> **THE INPUT**
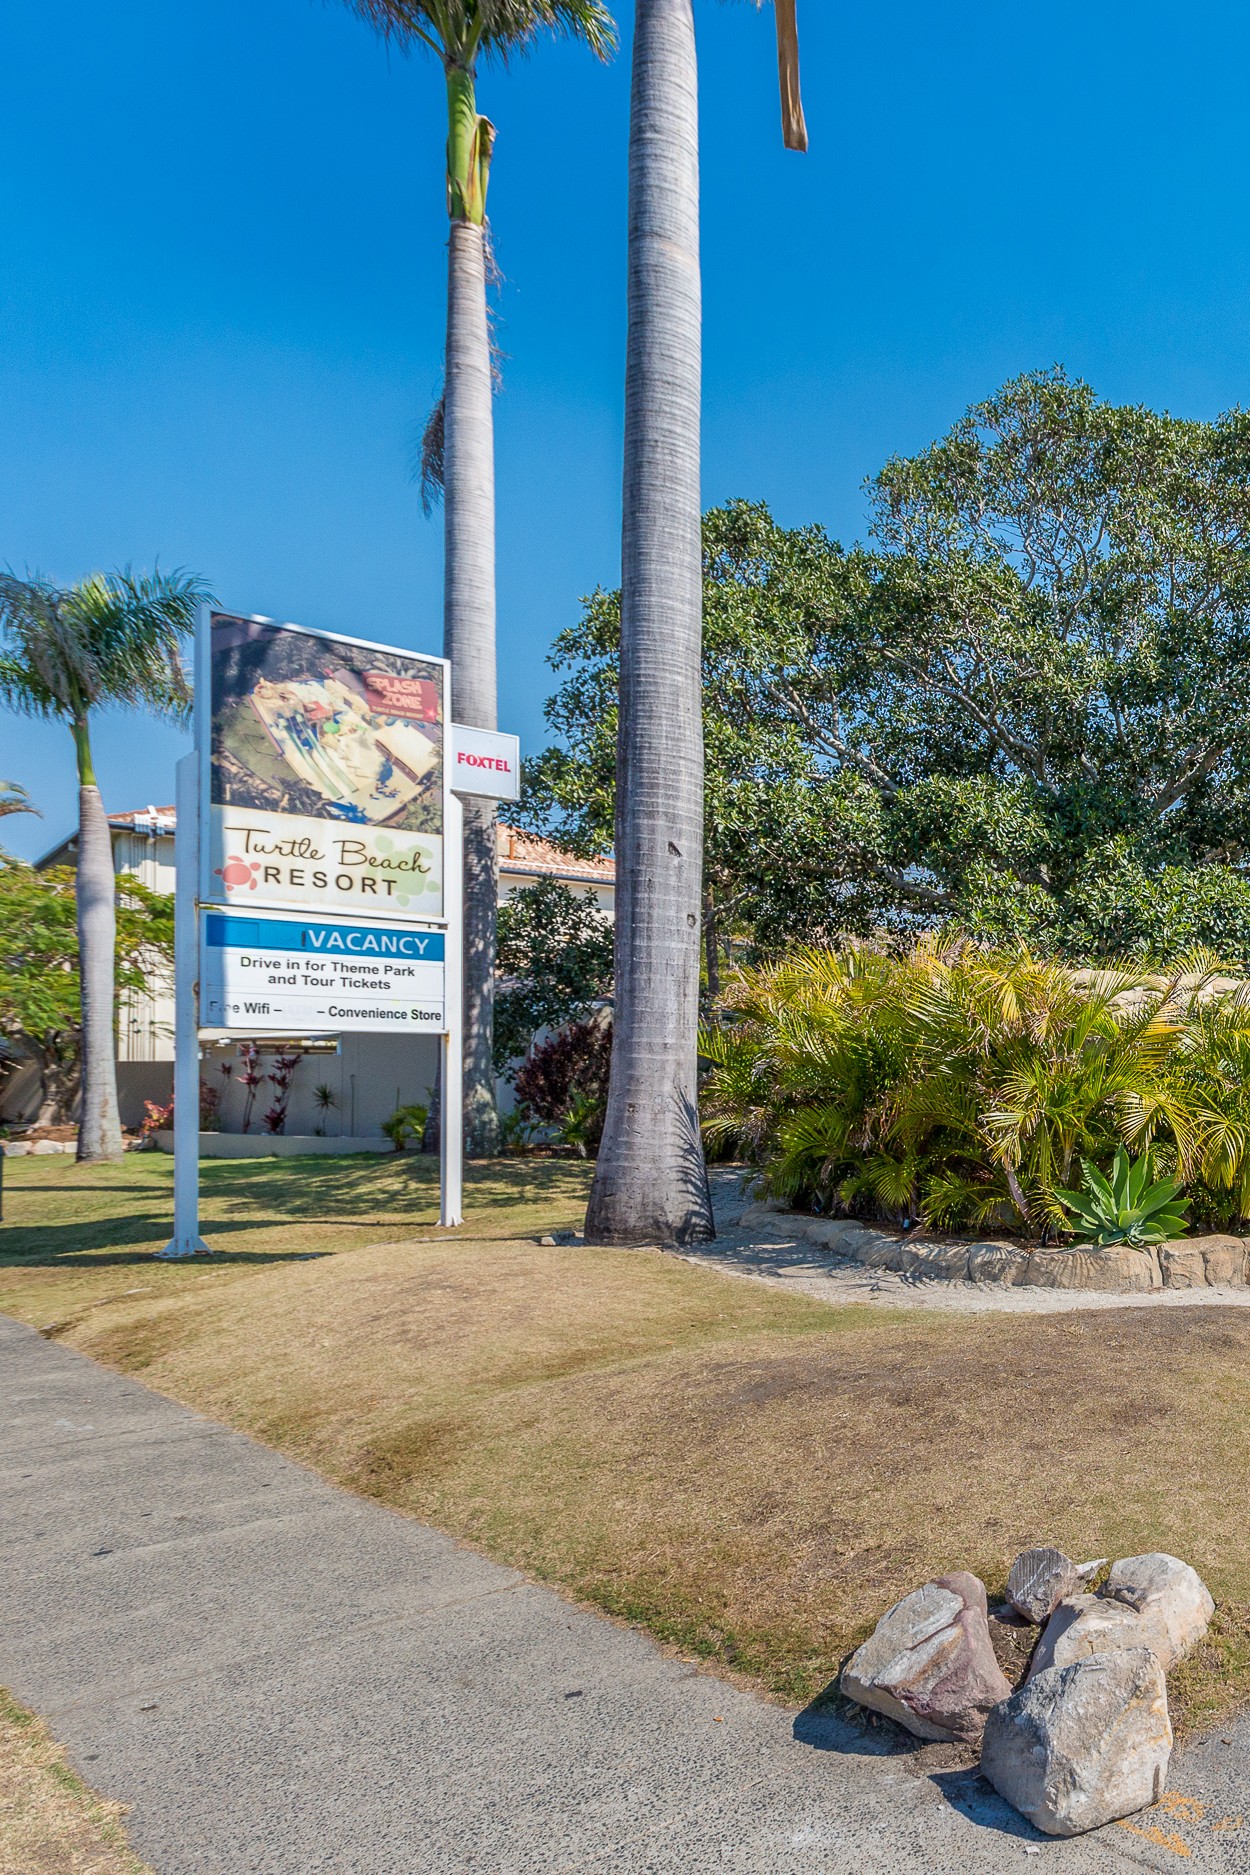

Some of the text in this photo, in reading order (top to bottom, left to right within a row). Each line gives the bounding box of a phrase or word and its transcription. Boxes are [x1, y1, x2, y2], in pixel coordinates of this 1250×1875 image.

[366, 677, 422, 695] SPLASH
[382, 690, 422, 710] ZONE
[457, 752, 511, 773] FOXTEL
[224, 826, 431, 874] Turtle Beach
[264, 866, 397, 896] RESORT
[308, 929, 430, 955] VACANCY
[240, 956, 415, 977] Drive in for Theme Park
[268, 974, 391, 990] and Tour Tickets
[244, 1002, 270, 1015] Wifi
[328, 1006, 408, 1020] Convenience
[410, 1008, 442, 1021] Store
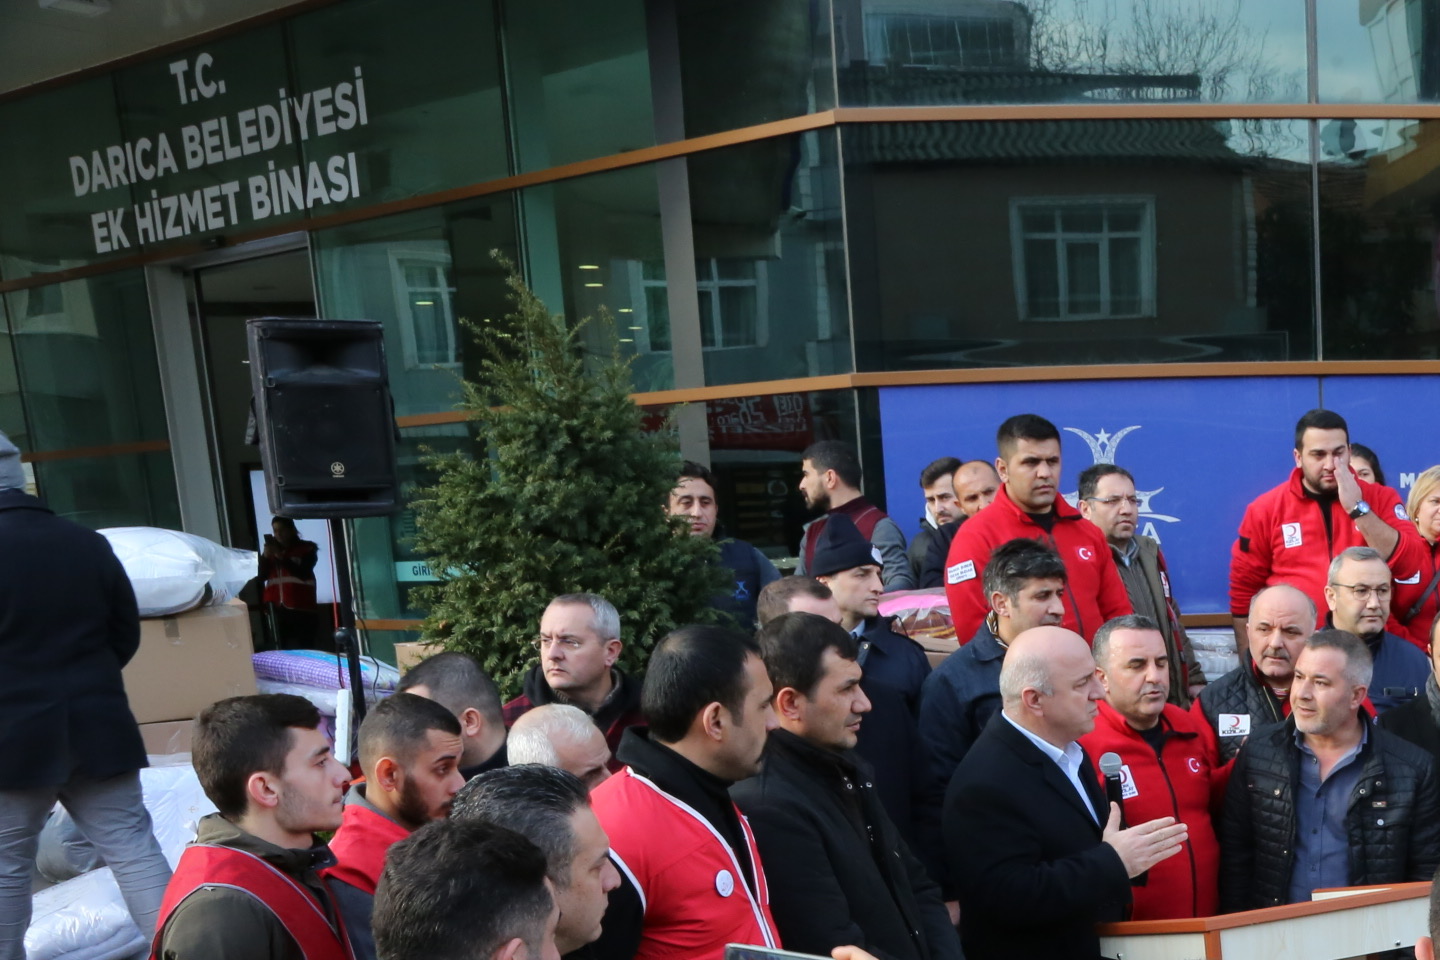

> **TASK DIRECTIONS**
With the pictures set aside, please write out all of the records above exactly.

> **COMPLETED TASK**
Some of the text in this photo, in reading order (top to bottom, left to right within a row). Each line gives the bounding box of a phrase or word and its transcription. Boxes are [x1, y1, x2, y2], in pixel coordinates of this 1250×1875 image.

[366, 677, 422, 695] SPLASH
[382, 690, 422, 710] ZONE
[457, 752, 511, 773] FOXTEL
[224, 826, 431, 874] Turtle Beach
[264, 866, 397, 896] RESORT
[308, 929, 430, 955] VACANCY
[240, 956, 415, 977] Drive in for Theme Park
[268, 974, 391, 990] and Tour Tickets
[244, 1002, 270, 1015] Wifi
[328, 1006, 408, 1020] Convenience
[410, 1008, 442, 1021] Store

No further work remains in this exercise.